Molecular Basis of Sphingosine Kinase 1 Substrate Recognition and Catalysis

Sphingosine kinase 1 (SphK1) is a lipid kinase that catalyzes the conversion of sphingosine to sphingosine-1-phosphate (S1P), which has been shown to play a role in lymphocyte trafficking, angiogenesis, and response to apoptotic stimuli. As a central enzyme in modulating the S1P levels in cells, SphK1 emerges as an important regulator for diverse cellular functions and a potential target for drug discovery. Here, we present the crystal structures of human SphK1 in the apo form and in complexes with a substrate sphingosine-like lipid, ADP, and an inhibitor at 2.0–2.3 Å resolution.

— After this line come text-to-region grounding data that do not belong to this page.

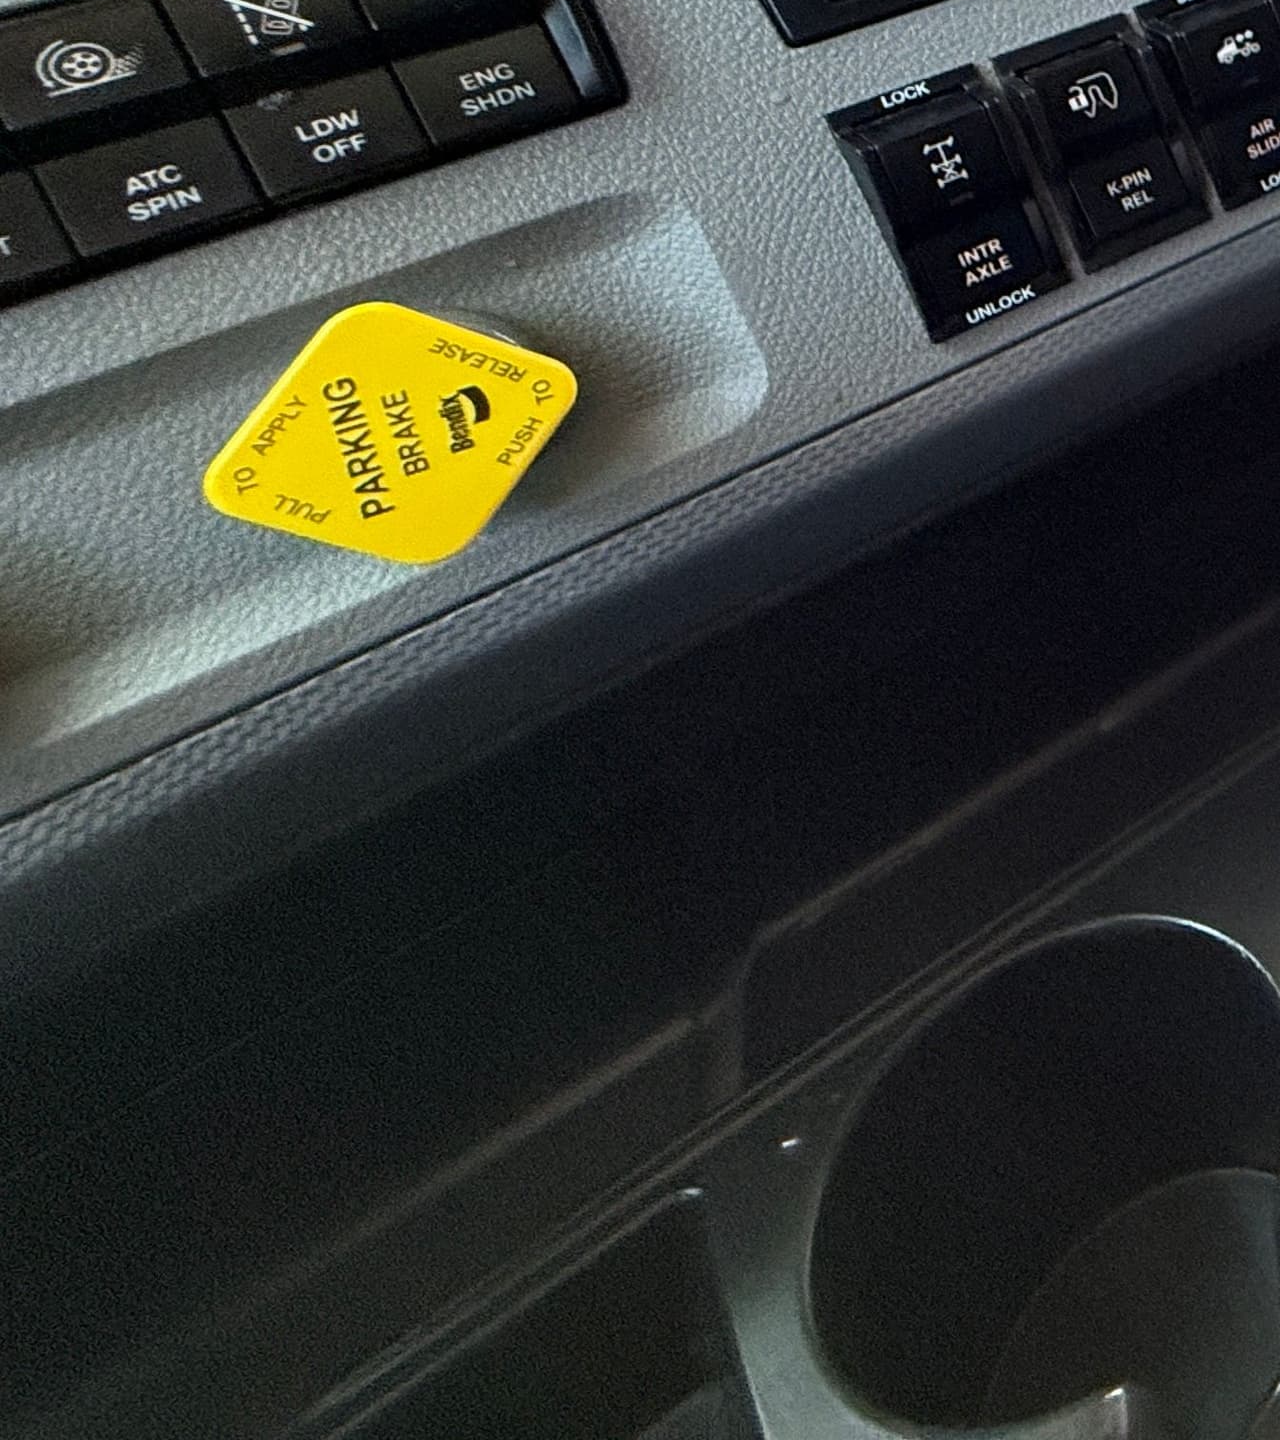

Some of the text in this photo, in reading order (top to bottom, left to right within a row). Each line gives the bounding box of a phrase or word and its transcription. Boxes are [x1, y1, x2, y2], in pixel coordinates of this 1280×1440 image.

[458, 62, 515, 92] ENG
[460, 81, 537, 117] SHDN
[880, 81, 931, 109] LOCK
[295, 109, 361, 143] LDW
[1250, 117, 1277, 140] AIR
[312, 132, 367, 164] OFF
[126, 164, 182, 196] ATC
[1106, 167, 1153, 197] K-PIN
[127, 185, 203, 222] SPIN
[1121, 190, 1154, 212] REL
[957, 238, 1003, 268] INTR
[965, 255, 1014, 287] AXLE
[965, 284, 1037, 325] UNLOCK
[428, 337, 554, 466] PUSH TO RELEASE
[381, 389, 430, 477] BRAKE
[438, 396, 475, 455] Bendix
[233, 395, 332, 525] PULL TO APPLY
[322, 376, 396, 520] PARKING

The SphK1 structures reveal a two-domain architecture in which its catalytic site is located in the cleft between the two domains and a hydrophobic lipid-binding pocket is buried in the C-terminal domain. Comparative analysis of these structures with mutagenesis and kinetic studies provides insight into how SphK1 recognizes the lipid substrate and catalyzes ATP-dependent phosphorylation. ► SphK1 3D structure bears no similarity to protein kinases or other lipid kinases ► Lipid substrate is recognized by a deep cavity gated by a helix-loop-helix flap ► Asp81 is a key catalytic residue that facilitates direct phosphoryl transfer ► A reported SphK1 inhibitor binds competitively with substrate, not ATP Sphingosine kinase 1 (SphK1) is a lipid kinase central to modulating the S1P levels in cells. Wang et al. describe structures of human SphK1 that, together with mutagenesis and kinetic studies, reveal how SphK1 recognizes the lipid substrate, catalyzes ATPdependent phosphorylation, and permits inhibitor binding.